The data =>
-=-=-

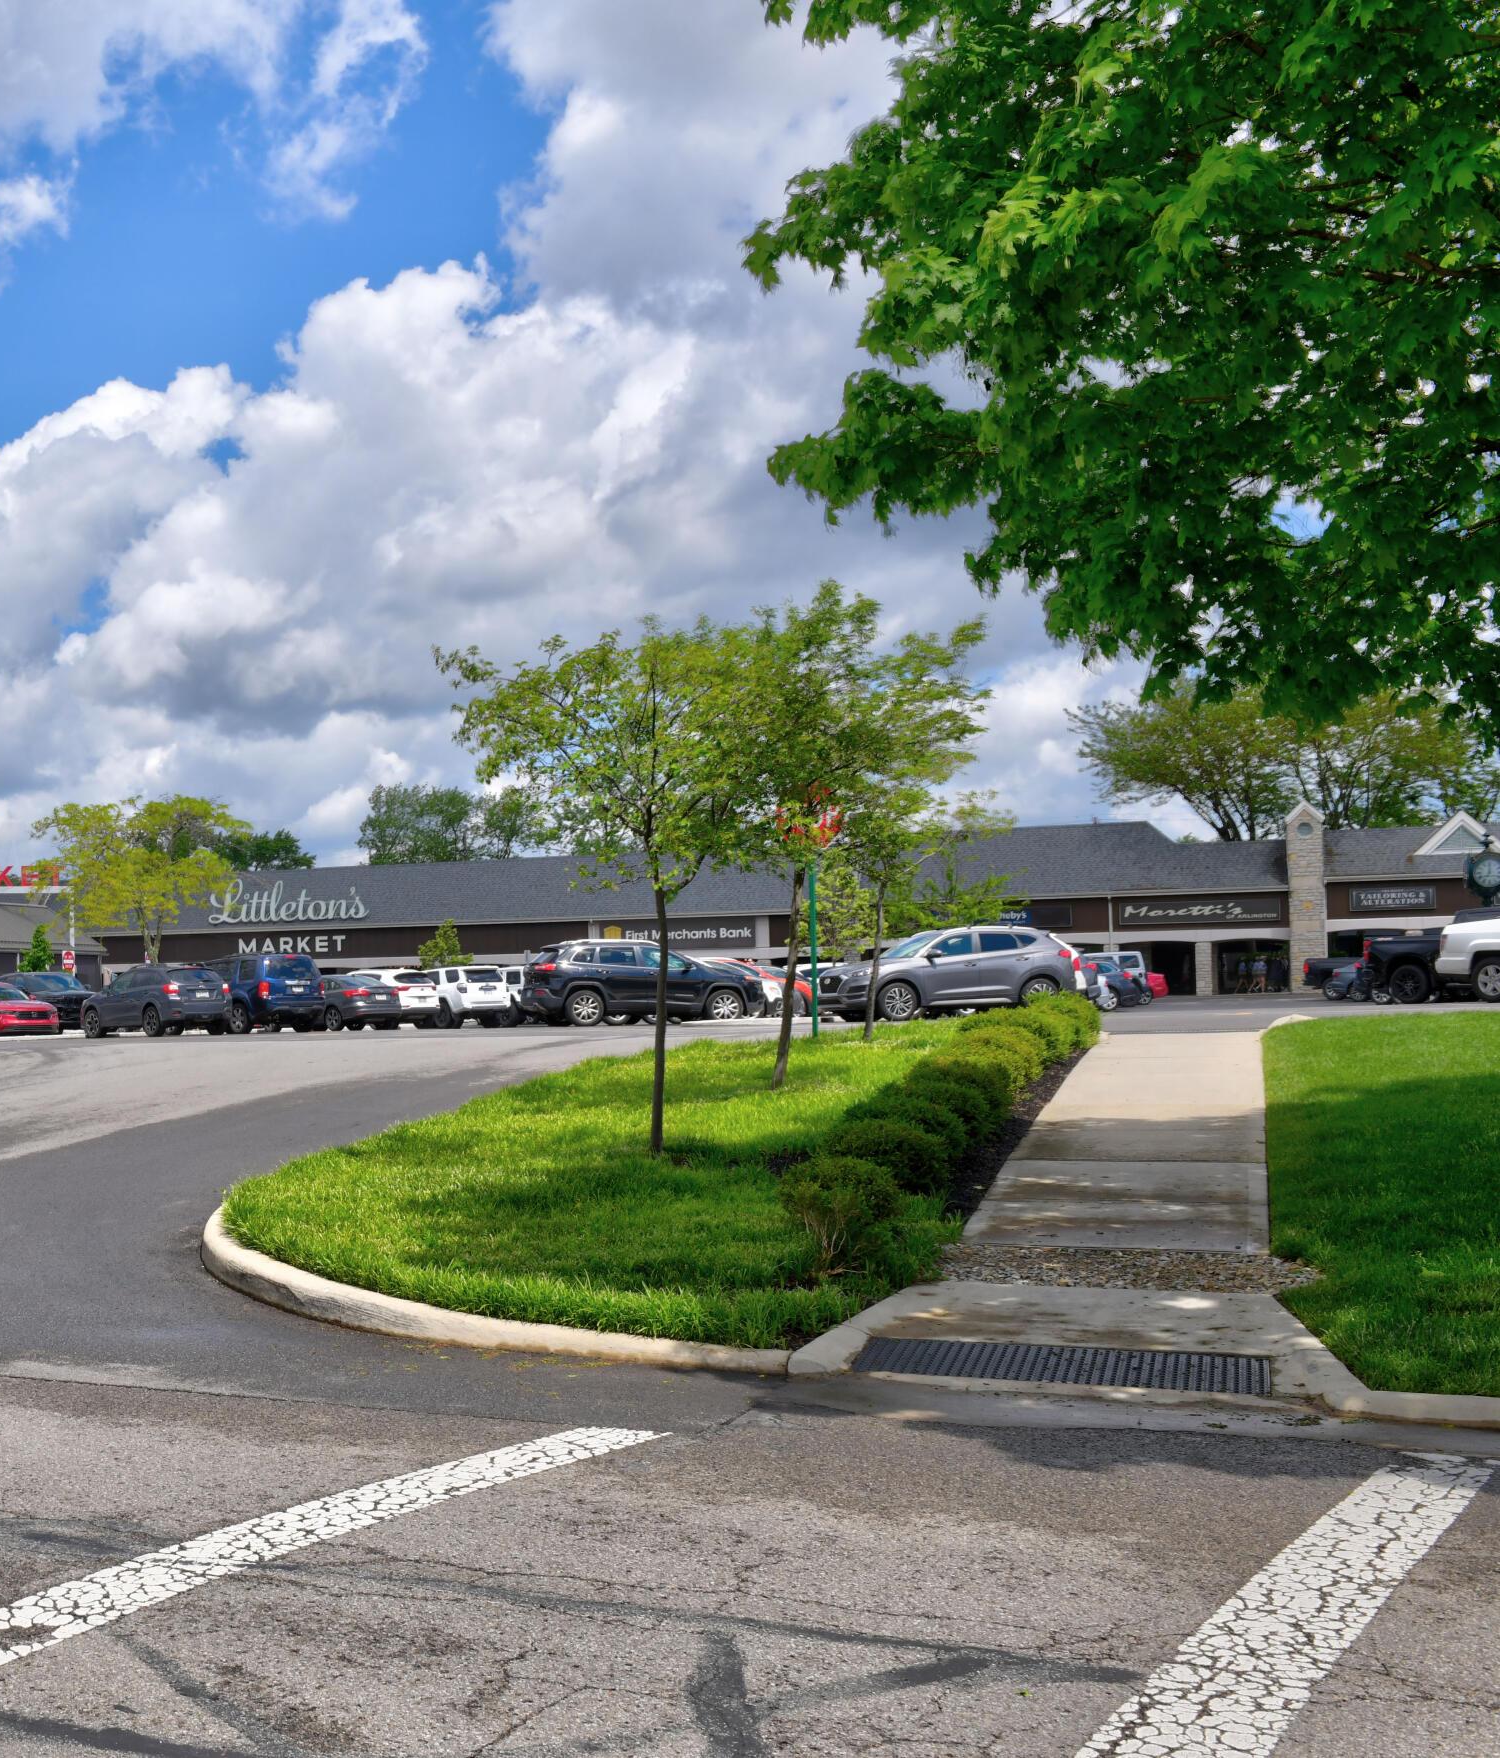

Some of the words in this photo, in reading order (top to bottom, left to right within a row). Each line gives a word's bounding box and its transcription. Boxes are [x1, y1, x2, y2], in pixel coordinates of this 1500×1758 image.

[208, 878, 369, 924] Littleton's
[1359, 892, 1417, 900] TAILORING
[1124, 902, 1243, 918] Moretti's
[625, 930, 648, 940] First
[652, 928, 717, 940] Merchants
[720, 926, 752, 939] Bank
[238, 935, 346, 954] MARKET

-=-=-

Description of the task =>
Retype the records verbatim, excluding each image they hold.

Response =>
Some of the words in this photo, in reading order (top to bottom, left to right within a row). Each line gives a word's bounding box and its transcription. Boxes are [x1, y1, x2, y2], in pixel coordinates of this 1500×1758 image.

[208, 878, 369, 924] Littleton's
[1359, 892, 1417, 900] TAILORING
[1124, 902, 1243, 918] Moretti's
[625, 930, 648, 940] First
[652, 928, 717, 940] Merchants
[720, 926, 752, 939] Bank
[238, 935, 346, 954] MARKET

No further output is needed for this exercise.